Autonomia, i fantasmi del Clep che fa rima con flop
Autonomia, il flop del decreto spacca Italia e i fantasmi del Clep: La Consulta ha decretato la fine del Comitato per l’individuazione dei livelli essenziali delle prestazioni
Fantasmi. Il più famoso è il musicista sfigurato che si nascose nei sotterranei dell’Opera di Parigi, un capolavoro del muto. Ma nel cinema come nei romanzi, nel folclore e nelle leggende spopolano. Famosi divennero i Ghostbusters, gli acchiappafantasmi, che in una pellicola cult ne fecero una professione aspirandoli e catturandoli. Se per assurdo oggi dovessero tornare in azione e aggirarsi dalle parti del dipartimento agli Affari regionali i loro aggeggi fantascientifici ne fiuterebbero la presenza. Si riunisce il Clep, il Comitato per l’individuazione dei livelli essenziali delle prestazioni presieduto dal professor Sabino Cassese. A certificare “l’esistenza” di questo comitato–fantasma è una convocazione del ministro Calderoli.

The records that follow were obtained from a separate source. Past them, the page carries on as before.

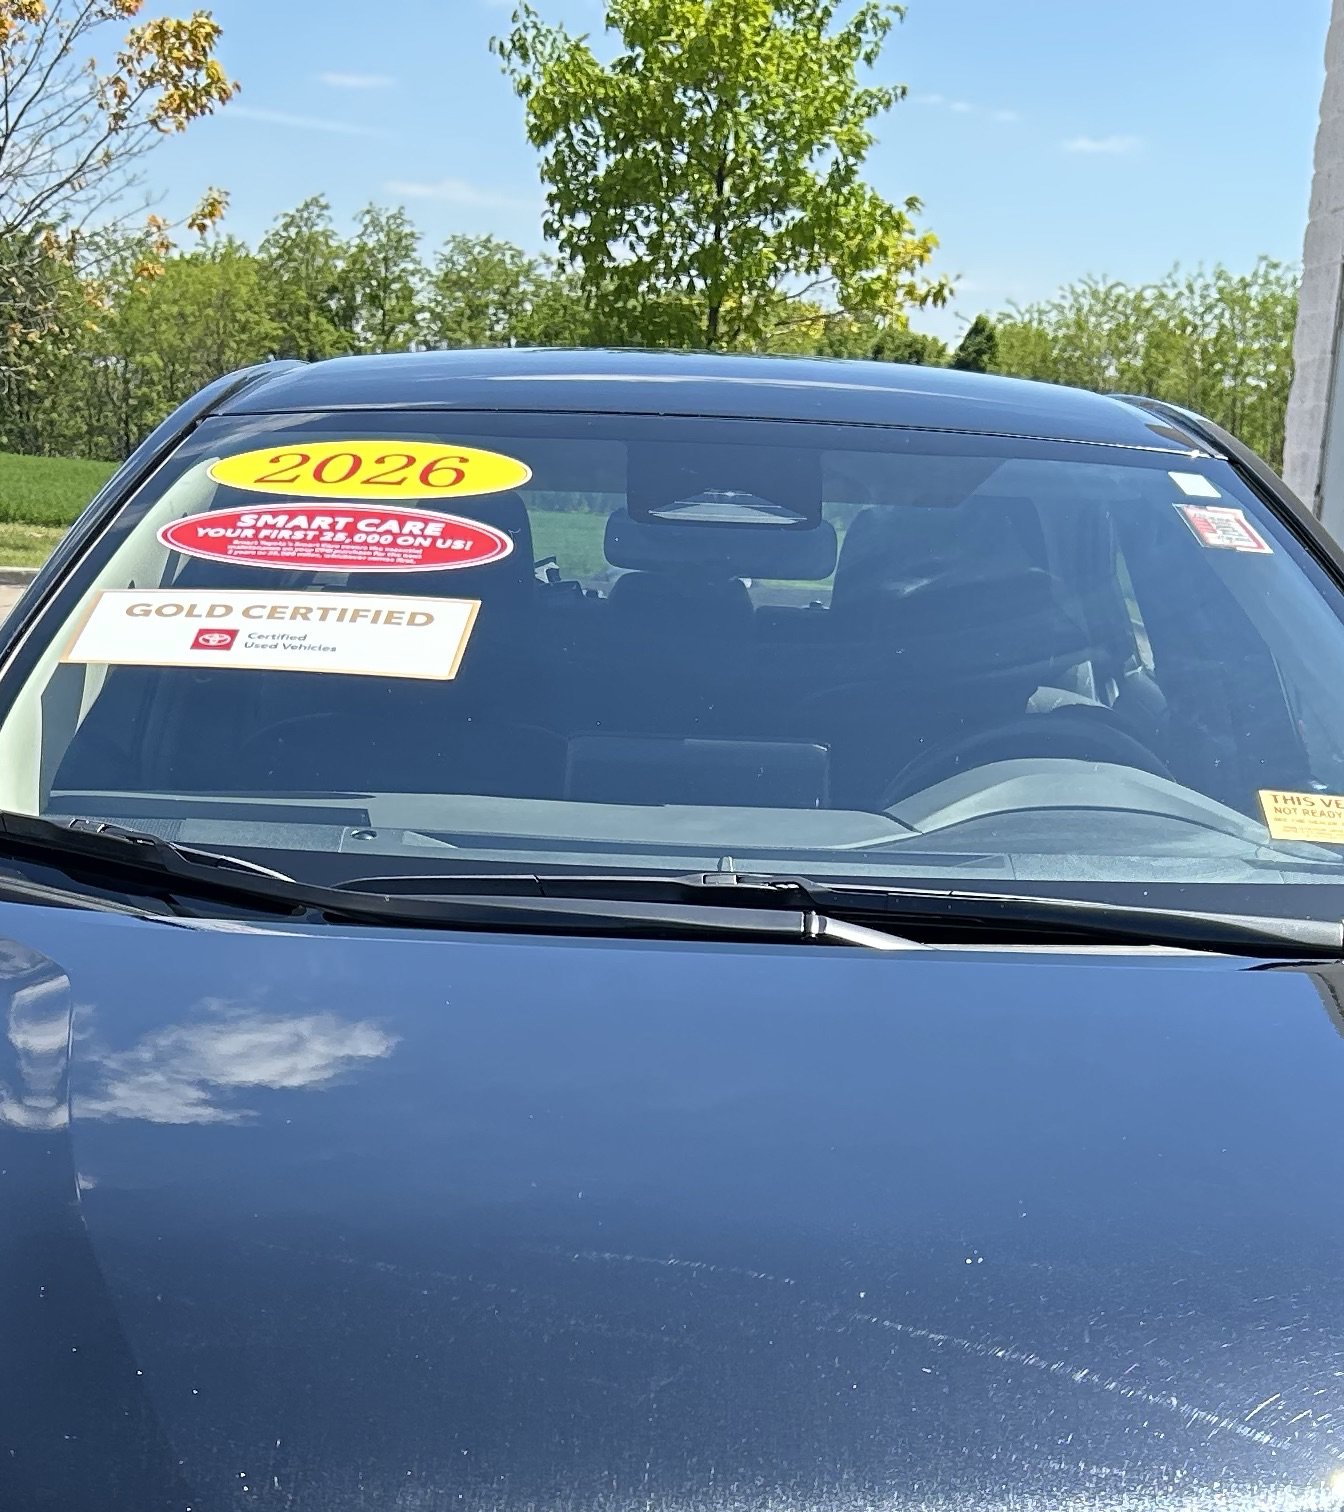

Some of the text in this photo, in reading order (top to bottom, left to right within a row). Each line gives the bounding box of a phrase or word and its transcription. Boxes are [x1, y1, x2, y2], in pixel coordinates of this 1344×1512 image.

[253, 453, 469, 487] 2026
[237, 514, 446, 536] SMART CARE
[196, 527, 256, 539] YOUR
[258, 528, 320, 541] FIRST
[396, 536, 433, 548] ON
[435, 538, 474, 551] US!
[125, 603, 435, 627] GOLD CERTIFIED
[247, 632, 308, 642] Certified
[244, 641, 337, 652] Used Vehicles
[1271, 794, 1316, 806] THIS
[1273, 806, 1298, 815] NOT
[1302, 808, 1343, 819] READY
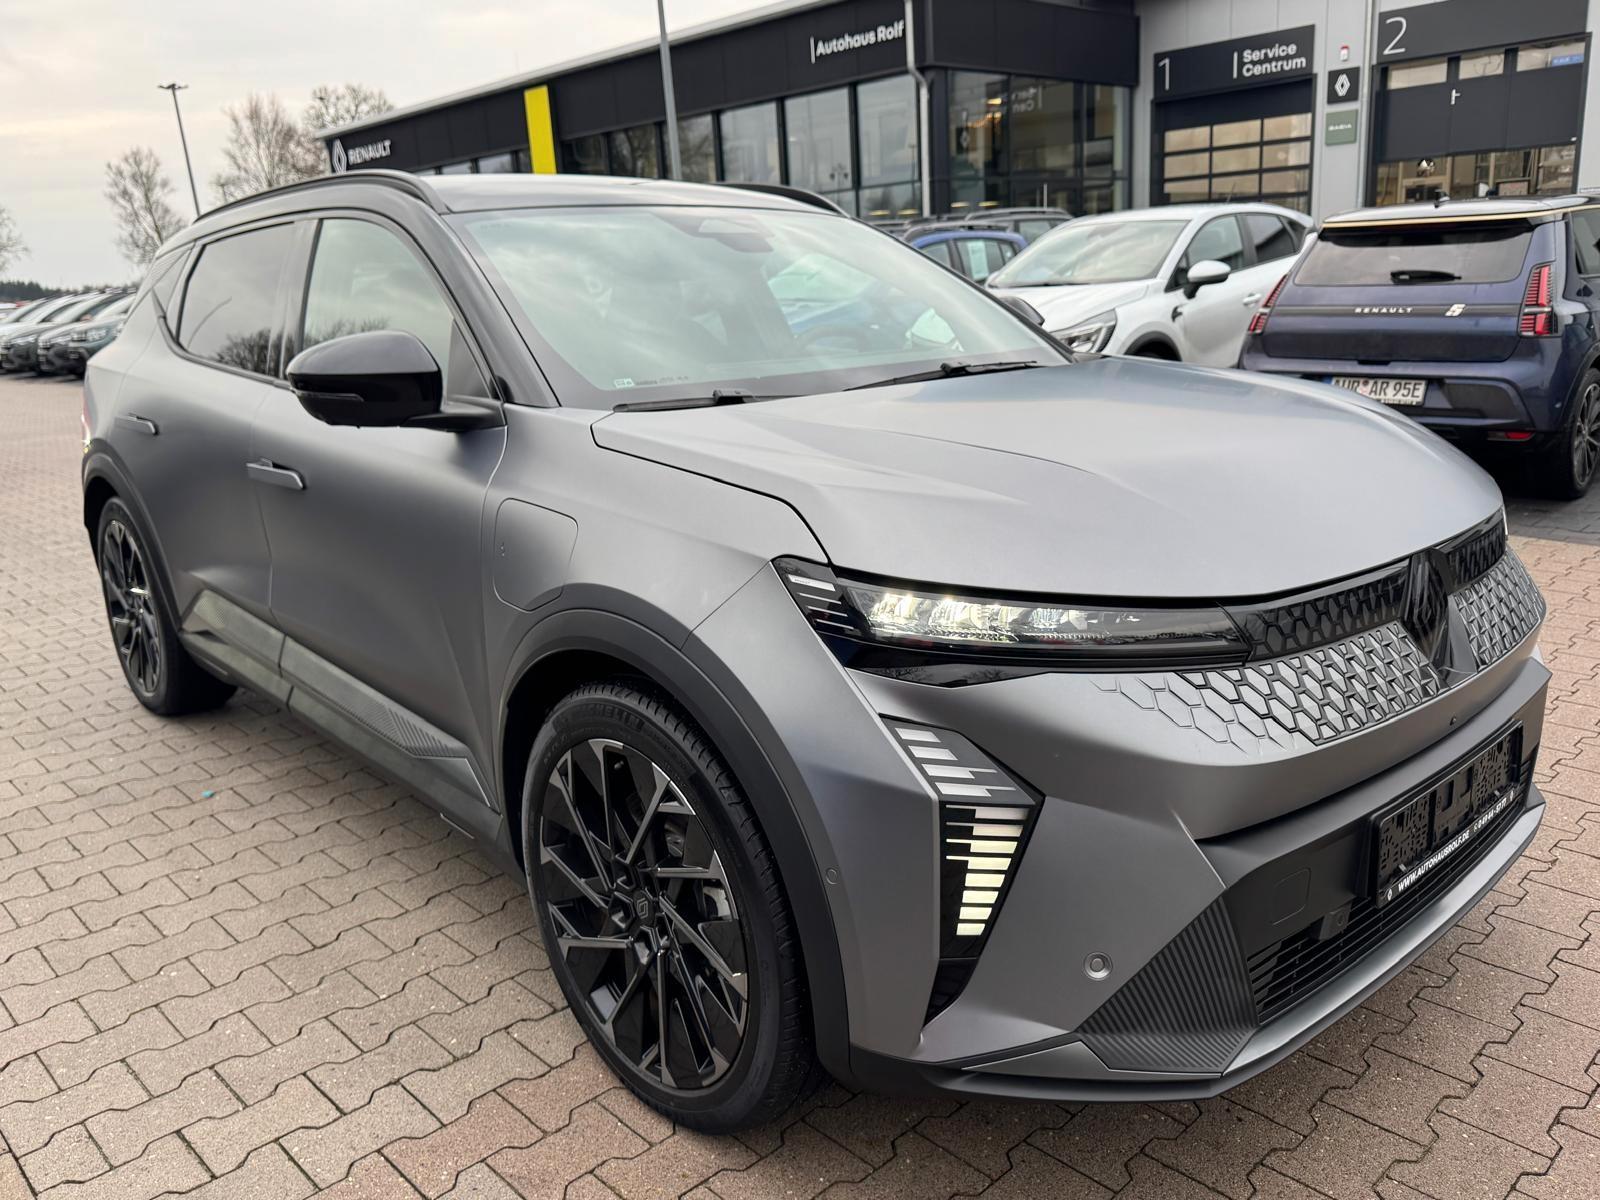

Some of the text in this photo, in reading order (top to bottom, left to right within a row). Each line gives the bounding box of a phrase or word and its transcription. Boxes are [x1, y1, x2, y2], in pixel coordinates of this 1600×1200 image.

[816, 19, 905, 57] Autohaus Rolf
[1383, 16, 1407, 56] 2
[1242, 43, 1297, 63] Service
[1242, 57, 1306, 77] Centrum
[1158, 57, 1170, 91] 1
[348, 139, 391, 166] RENAULT
[1369, 380, 1389, 397] AR
[1393, 382, 1422, 399] 95E
[1398, 829, 1470, 893] WWW.AUTOHAUSROLF.DE
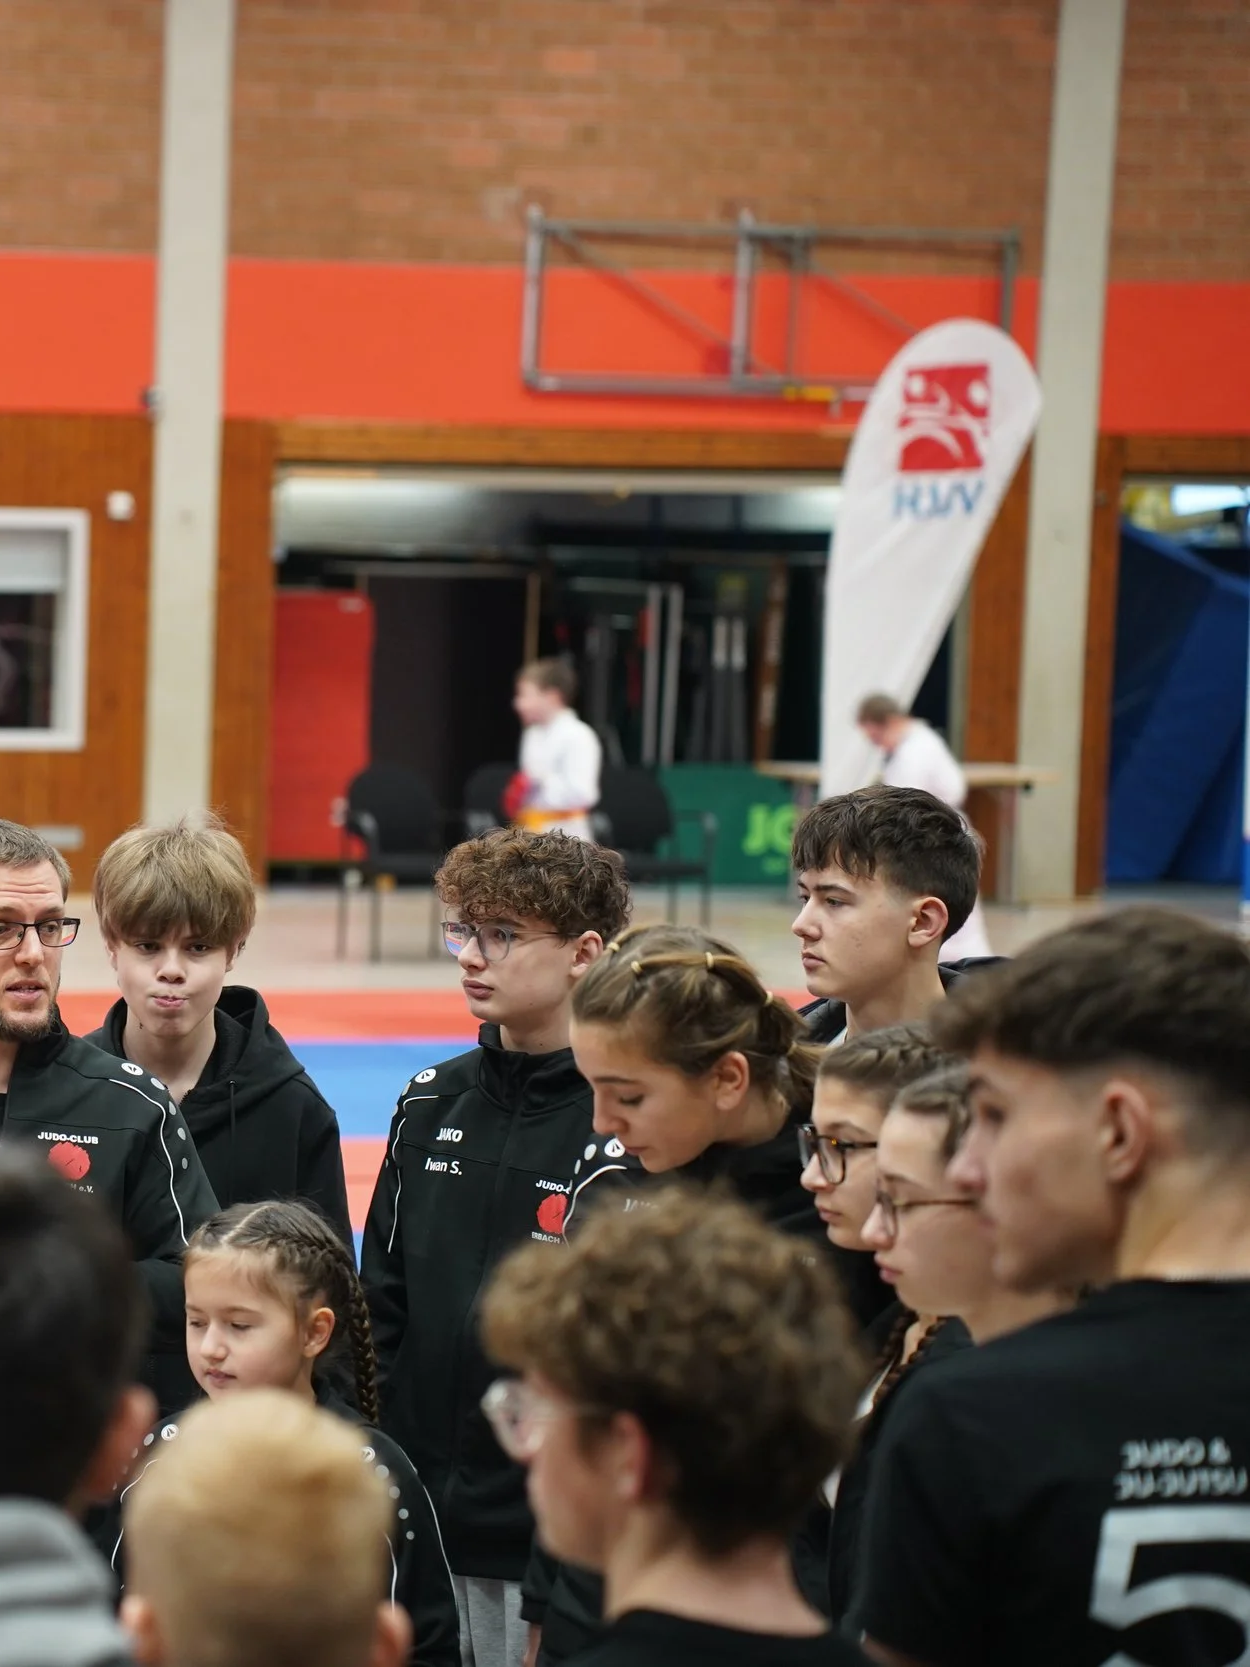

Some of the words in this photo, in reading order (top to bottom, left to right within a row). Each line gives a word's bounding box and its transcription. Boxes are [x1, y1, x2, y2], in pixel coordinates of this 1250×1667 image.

[37, 1131, 99, 1145] JUDO-CLUB
[436, 1127, 463, 1142] JAKO
[424, 1157, 448, 1172] Iwan
[449, 1160, 463, 1176] S.
[1120, 1437, 1206, 1470] JUDO
[1208, 1437, 1231, 1465] &
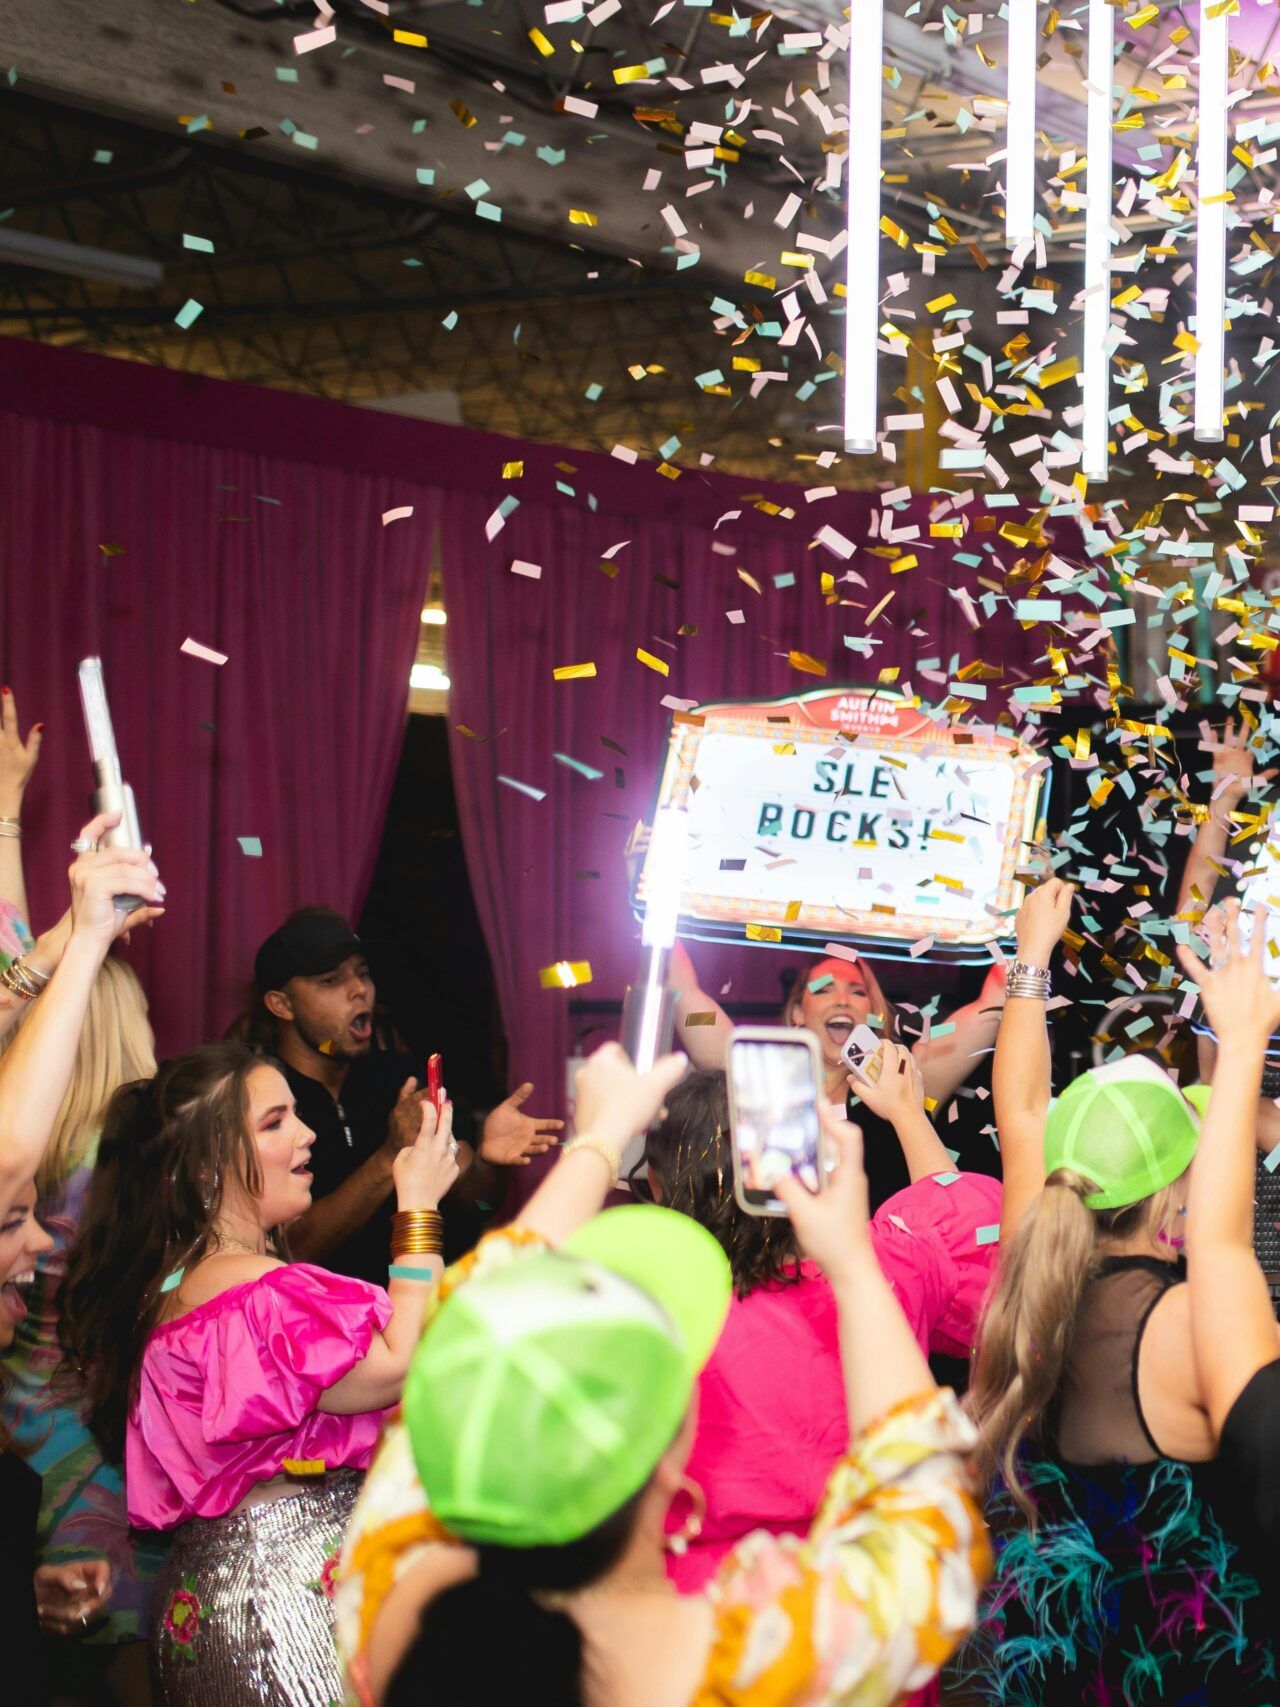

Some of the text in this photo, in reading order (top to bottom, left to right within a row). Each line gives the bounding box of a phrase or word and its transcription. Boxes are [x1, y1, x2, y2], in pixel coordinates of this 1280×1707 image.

[830, 708, 881, 726] SMITH
[838, 696, 896, 714] AUSTIN
[813, 760, 890, 799] SLE
[757, 802, 931, 850] ROCKS!

In base alla sentenza della Corte costituzionale il Clep – che fa rima con flop – non esiste più. O meglio: non avrebbe neanche dovuto nascere. C’è un vizio d’origine infatti nel decreto del presidente del Consiglio che lo istituì perché individuasse i Lep, ovvero i livelli concernenti i diritti sociali e civili da garantire su tutto il territorio nazionale. A far quel lavoro dovrà essere ora il Dipartimento affari regionali. Vi fu, all’epoca, cioè due anni fa, chi fiutando il climax si dimise subito: l’ex presidente del Consiglio Giuliano Amato; Alessandro Pajno, presidente emerito del Consiglio di Stato; Franco Bassanini, ex segretario del Consiglio dei ministri; Emanuele Gallo, professore emerito di diritto amministrativo.
Lo capirono sin dall’inizio, fecero un passo indietro. L’idea di Calderoli, formare una commissione formata da 62 saggi, nascondeva un disegno diverso (o perverso, se preferite). Il tentativo maldestro di coprire con una foglia di fico la seconda “porcata” del ministro – la prima è stata per sua stessa ammissione il Porcellum – : l’autonomia differenziata in salsa leghista.
Abbiamo ricordato altre volte su queste pagine quanto a Calderoli stia a cuore lo Spacca-Italia. Al punto da non arrendersi neanche dinanzi al flop più evidente. Ha fatto suo il motto del drammaturgo inglese Samuel Beckett, “non possiamo continuare, io dunque continuo”. E fa finta di niente. Così che ha convocato per oggi una riunione in cui i fantasmi del Clep presenteranno la loro relazione finale. Avrebbero dovuto esaurire la loro missione il prossimo 31 dicembre consegnando al ministro del Carroccio le chiavi della riforma federalista, lo Spacca-Italia su un piatto d’argento. Le basi per approvare le intese governo-regioni e attuare i dettami dell’art. 116 comma 3 con un semplice Dpcm bypassando il Parlamento. Il disegno era questo.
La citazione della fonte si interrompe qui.